Потемкин привстал, и сразу на щеках его возгорелись недобрые румянцы; родная его Соленга держала последний экзамен.

– Тысяч триста кубических сажен подымет. Так у меня и помечено… – он мучительно потер себе лоб… – на странице сто семидесятой, посмотрите!

– А по обследованию она и двести не подымет? Десять процентов баланса вам придется тащить по Нерчьме и против течения… иначе у вас на третью машину не хватит!

Потемкин заволновался, затеребил зеленое сукно стола: эти очкастые, равнодушные чудаки не верили в его Соленгу!

– …грузоподъемность, всё модные слова, товарищи! – ударил он себя в грудь, вызывая вокруг улыбку. – Я же сам с детства на сплаве… и отец мой, и дед. Мы весь естественный прирост купцам сплавляли: сколько надо, столько и грузи! Да вот вы у Фаворова спросите, он сам с Нерчьмы…

Он обернулся к свидетелю, но тот спал, положив голову на руки и как бы углубясь в созерцанье берегового профиля Соти; сказывались три бессонных ночи, потраченных на доклад для научно-технического совета. Он проснулся, едва назвали его имя, и один лишь Бураго заметил его воспаленные в опухшем лице глаза.

…Домой им было по дороге; Увадьев подвез их на трестовской машине.

– Заснул, герой? – спросил Бураго.

– Устал. Кажется, упадешь и проспишь десятилетие.

Морозная пыль колола уши, наполняя звонким ощущеньем зимы и ветра.

– Все устали… вы слышите, Увадьев, как о н и устали?

Увадьев выкинул за борт машины окурок; он пытался уверить себя, что это последняя папироса, которую он выкурил в жизни.

– У нас вообще любят скулить о прошлом, потому что безвольны к будущему. Ты слушай не стоны, а цифры! Купи билет и поезжай по стране; ты увидишь новые избы, новые заводы, новых людей… и притом великолепную рождаемость! – Он сделал нетерпеливый жест рукой, точно кто-то смел сомневаться в его статистике. – Кстати, это дядюшки, что ль, твоего фабричка на Нерчьме? Чего краснеешь, не сам выбирал, а судьба навязала!.. Да, может быть, мы спешим сменить старое поколенье другим, которое не заражено прошлым… но в наш век надо мыслить крупно: десятками заводов, тысячами гектаров, миллионами людей… не мельчить творческой мысли.

– Словом, не гляди на пирамиды в микроскоп, – шутливо вставил Бураго. – Чудно: до революции настоящее у нас определялось прошлым, теперь его определяют будущим, а его надо определять самим собою.
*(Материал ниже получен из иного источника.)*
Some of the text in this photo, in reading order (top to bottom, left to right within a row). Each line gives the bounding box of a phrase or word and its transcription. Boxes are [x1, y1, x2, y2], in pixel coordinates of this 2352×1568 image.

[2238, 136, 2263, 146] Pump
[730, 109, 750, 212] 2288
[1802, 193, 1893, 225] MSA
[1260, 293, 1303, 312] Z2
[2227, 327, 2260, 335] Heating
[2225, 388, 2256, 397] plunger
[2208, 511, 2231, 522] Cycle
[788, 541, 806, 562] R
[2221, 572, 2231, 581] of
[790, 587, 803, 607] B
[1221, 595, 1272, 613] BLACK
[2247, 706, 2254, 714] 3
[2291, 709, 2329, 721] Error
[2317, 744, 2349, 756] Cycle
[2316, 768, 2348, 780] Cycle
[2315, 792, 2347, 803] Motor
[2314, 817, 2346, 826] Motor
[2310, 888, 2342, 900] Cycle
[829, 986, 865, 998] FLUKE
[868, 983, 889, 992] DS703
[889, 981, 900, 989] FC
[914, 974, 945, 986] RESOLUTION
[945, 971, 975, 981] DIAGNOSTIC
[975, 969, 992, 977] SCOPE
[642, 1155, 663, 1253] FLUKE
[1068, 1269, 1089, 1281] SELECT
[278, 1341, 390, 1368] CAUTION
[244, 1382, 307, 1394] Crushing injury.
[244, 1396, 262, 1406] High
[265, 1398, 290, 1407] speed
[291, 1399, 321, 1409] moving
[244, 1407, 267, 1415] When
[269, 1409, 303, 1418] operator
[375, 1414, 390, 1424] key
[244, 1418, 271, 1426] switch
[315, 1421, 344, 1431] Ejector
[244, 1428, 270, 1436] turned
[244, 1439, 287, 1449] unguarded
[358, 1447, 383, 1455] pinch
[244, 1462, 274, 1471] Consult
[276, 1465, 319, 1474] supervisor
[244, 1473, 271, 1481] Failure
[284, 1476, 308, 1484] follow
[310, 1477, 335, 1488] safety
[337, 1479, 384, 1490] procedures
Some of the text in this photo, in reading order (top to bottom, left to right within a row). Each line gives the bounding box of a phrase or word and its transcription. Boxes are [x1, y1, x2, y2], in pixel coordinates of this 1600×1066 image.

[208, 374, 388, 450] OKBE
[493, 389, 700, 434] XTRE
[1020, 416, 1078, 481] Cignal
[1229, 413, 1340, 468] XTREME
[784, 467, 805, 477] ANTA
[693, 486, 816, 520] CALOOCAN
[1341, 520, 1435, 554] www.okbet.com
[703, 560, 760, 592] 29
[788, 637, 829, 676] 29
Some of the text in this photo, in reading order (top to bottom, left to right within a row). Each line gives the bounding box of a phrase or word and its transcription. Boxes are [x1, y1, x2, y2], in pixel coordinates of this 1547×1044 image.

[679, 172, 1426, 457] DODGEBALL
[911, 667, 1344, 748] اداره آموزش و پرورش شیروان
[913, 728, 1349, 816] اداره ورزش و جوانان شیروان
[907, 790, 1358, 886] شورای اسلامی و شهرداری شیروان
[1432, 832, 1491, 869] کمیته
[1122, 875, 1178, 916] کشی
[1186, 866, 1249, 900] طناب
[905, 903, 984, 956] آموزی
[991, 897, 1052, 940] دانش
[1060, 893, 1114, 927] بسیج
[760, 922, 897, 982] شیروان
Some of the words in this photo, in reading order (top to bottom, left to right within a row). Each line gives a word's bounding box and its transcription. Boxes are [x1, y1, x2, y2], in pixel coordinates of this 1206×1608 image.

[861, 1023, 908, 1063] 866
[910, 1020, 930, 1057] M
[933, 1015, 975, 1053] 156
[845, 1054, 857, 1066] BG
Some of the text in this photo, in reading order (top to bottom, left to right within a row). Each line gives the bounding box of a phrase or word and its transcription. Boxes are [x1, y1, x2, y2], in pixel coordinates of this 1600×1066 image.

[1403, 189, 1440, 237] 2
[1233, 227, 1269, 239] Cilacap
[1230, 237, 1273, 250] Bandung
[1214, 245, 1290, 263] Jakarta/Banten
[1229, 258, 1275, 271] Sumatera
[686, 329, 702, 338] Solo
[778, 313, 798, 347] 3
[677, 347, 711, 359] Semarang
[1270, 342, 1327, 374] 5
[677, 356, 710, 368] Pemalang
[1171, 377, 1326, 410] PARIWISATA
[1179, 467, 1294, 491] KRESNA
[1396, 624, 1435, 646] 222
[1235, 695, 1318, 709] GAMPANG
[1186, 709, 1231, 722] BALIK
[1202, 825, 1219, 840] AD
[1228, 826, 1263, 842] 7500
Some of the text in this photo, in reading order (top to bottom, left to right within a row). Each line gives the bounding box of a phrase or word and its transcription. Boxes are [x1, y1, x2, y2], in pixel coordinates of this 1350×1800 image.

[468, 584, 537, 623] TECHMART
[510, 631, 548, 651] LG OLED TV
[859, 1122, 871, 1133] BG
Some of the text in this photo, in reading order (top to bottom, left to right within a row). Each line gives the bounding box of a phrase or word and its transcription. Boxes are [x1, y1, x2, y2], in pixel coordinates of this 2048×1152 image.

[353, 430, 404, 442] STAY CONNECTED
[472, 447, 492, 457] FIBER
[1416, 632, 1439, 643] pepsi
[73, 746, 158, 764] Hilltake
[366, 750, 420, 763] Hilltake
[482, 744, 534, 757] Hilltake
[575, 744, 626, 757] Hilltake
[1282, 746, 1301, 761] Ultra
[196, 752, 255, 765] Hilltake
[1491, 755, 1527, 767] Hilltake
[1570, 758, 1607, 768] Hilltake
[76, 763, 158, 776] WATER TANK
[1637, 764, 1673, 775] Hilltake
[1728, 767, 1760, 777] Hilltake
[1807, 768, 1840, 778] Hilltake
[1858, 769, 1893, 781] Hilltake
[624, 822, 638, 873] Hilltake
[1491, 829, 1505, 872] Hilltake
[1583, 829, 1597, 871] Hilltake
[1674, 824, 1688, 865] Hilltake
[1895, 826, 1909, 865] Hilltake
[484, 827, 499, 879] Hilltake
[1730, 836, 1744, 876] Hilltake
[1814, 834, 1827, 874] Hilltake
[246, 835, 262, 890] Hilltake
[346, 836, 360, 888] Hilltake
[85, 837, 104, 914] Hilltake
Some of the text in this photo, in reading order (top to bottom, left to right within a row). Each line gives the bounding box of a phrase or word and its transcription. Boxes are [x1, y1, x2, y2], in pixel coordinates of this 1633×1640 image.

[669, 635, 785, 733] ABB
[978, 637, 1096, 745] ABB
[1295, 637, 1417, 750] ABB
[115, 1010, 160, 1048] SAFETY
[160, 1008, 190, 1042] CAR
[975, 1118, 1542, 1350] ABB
– Умей быть другом нам, Бураго… В дружбе мы подозрительны и осторожны, но сумей!

– Ха, мне нравится такая угрожающая постановка вопроса! Вы давеча напали на Ренне и произнесли очень нехорошие слова… помните? А ведь четыреста двадцать метров в минуту – это действительно не для нас, у которых Азия за плечами. Вы самоучка, Увадьев, и, кроме того, вам нужна бумага; оттого вы презираете чужой опыт. А разве тот друг, кто повторит глупость за вами?

В привычках Увадьева было с маху рубить там, где и без того было тонко.